Description of the task: For each entry, restate it word for word while omitting any image it holds.

□ □ □ □ □

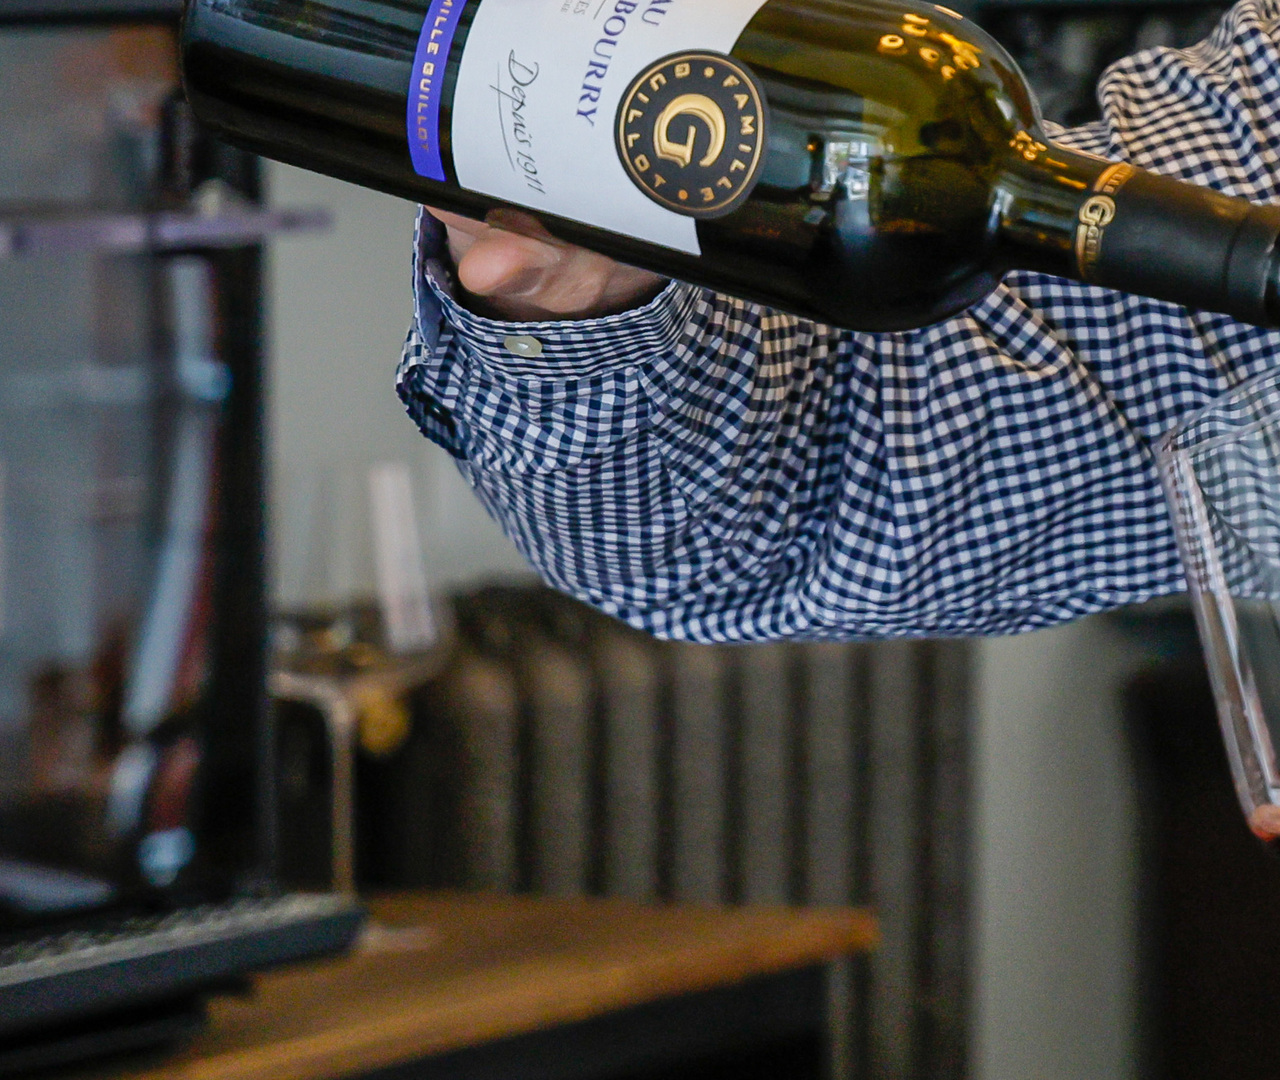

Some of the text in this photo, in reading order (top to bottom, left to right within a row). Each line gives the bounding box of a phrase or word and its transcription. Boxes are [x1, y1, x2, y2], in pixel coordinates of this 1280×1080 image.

[417, 62, 435, 152] GUILLOT
[489, 49, 546, 195] Depuis 1911
[576, 0, 639, 127] BOURRY
[626, 62, 755, 202] FAMILLE GUILLOT
[653, 93, 726, 168] G
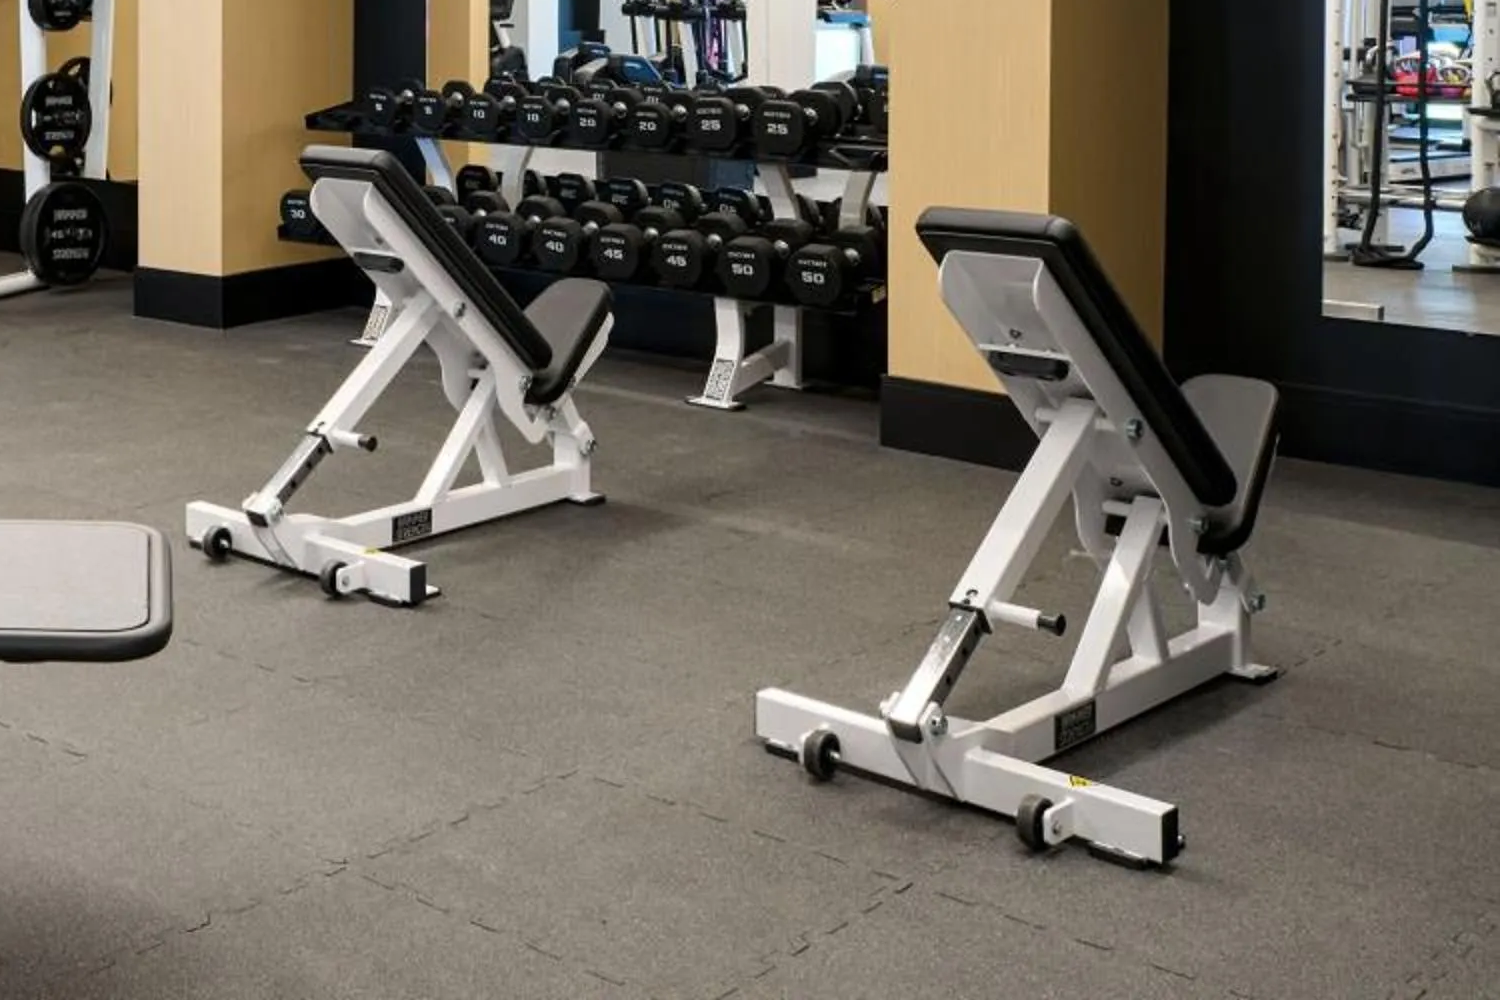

□ □ □ □ □

Output of the task:
Some of the text in this photo, in reading order (top to bottom, left to right within a row). Each line gives the bounding box of a phrase or word and its transcription. Boxes are [x1, y1, x2, y2], in pixel coordinates of this 1280×1080 image.

[417, 62, 435, 152] GUILLOT
[489, 49, 546, 195] Depuis 1911
[576, 0, 639, 127] BOURRY
[626, 62, 755, 202] FAMILLE GUILLOT
[653, 93, 726, 168] G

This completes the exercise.